Would you print the data below exactly, leaving out every picture?
━━━━━━━━━━━━━━━━
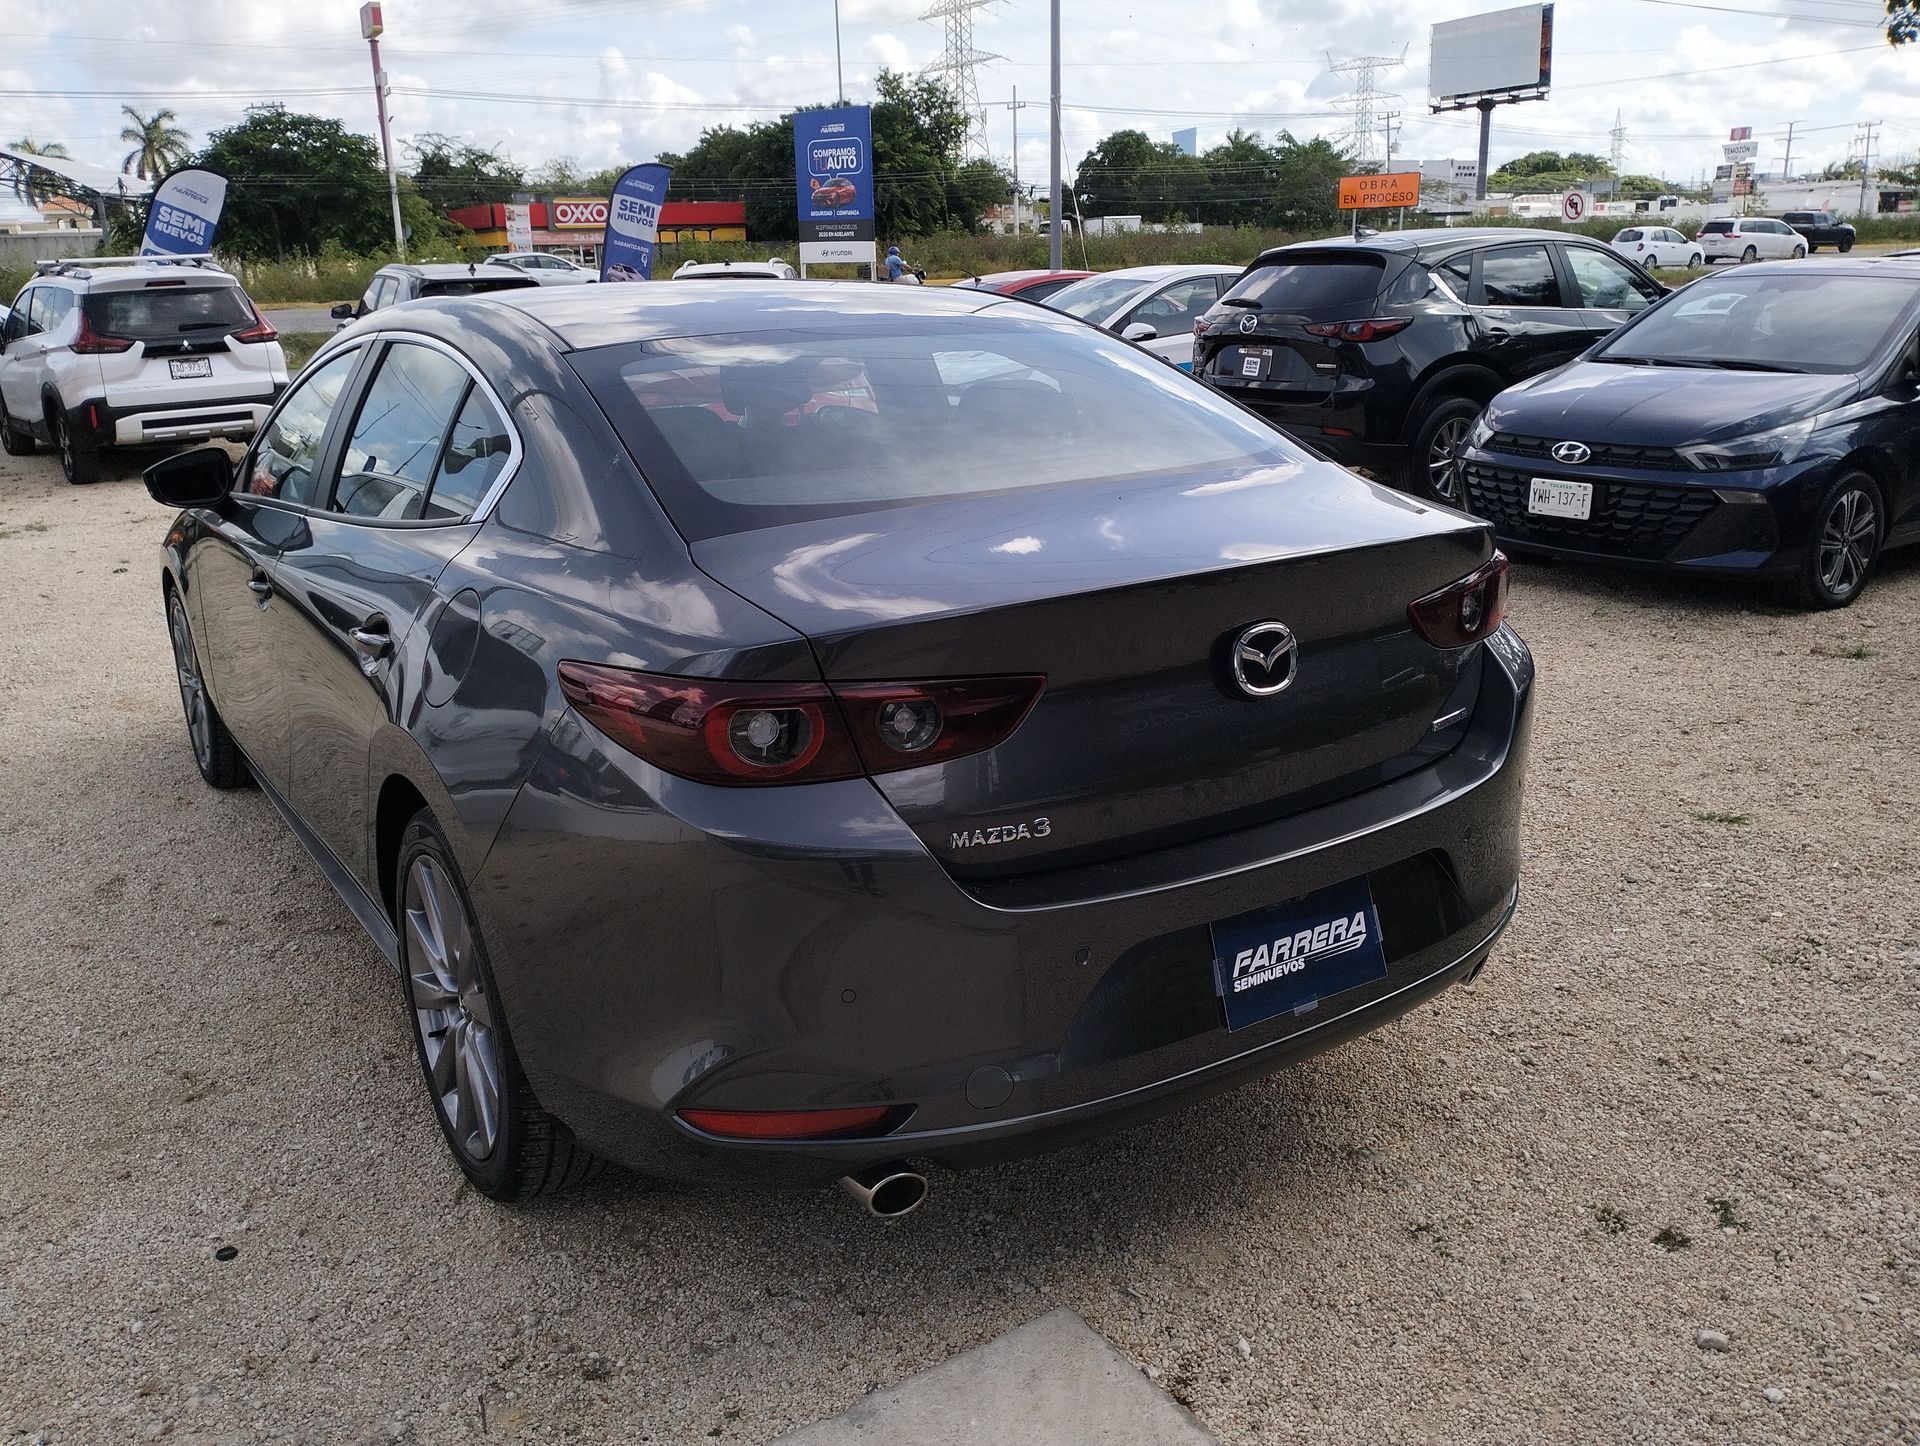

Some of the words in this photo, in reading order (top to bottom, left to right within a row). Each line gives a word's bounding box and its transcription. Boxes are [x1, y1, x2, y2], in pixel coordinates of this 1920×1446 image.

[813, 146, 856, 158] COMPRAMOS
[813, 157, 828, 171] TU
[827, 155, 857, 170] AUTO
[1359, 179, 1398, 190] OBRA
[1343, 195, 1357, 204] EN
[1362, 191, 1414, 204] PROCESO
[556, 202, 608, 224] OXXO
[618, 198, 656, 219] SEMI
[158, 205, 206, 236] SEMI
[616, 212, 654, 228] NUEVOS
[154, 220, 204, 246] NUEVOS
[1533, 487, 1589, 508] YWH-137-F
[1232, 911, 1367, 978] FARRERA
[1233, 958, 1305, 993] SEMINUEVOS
━━━━━━━━━━━━━━━━
> _Written solution_
Some of the words in this photo, in reading order (top to bottom, left to right within a row). Each line gives a word's bounding box and its transcription. Boxes are [x1, y1, x2, y2], in pixel coordinates of this 1920×1446 image.

[813, 146, 856, 158] COMPRAMOS
[813, 157, 828, 171] TU
[827, 155, 857, 170] AUTO
[1359, 179, 1398, 190] OBRA
[1343, 195, 1357, 204] EN
[1362, 191, 1414, 204] PROCESO
[556, 202, 608, 224] OXXO
[618, 198, 656, 219] SEMI
[158, 205, 206, 236] SEMI
[616, 212, 654, 228] NUEVOS
[154, 220, 204, 246] NUEVOS
[1533, 487, 1589, 508] YWH-137-F
[1232, 911, 1367, 978] FARRERA
[1233, 958, 1305, 993] SEMINUEVOS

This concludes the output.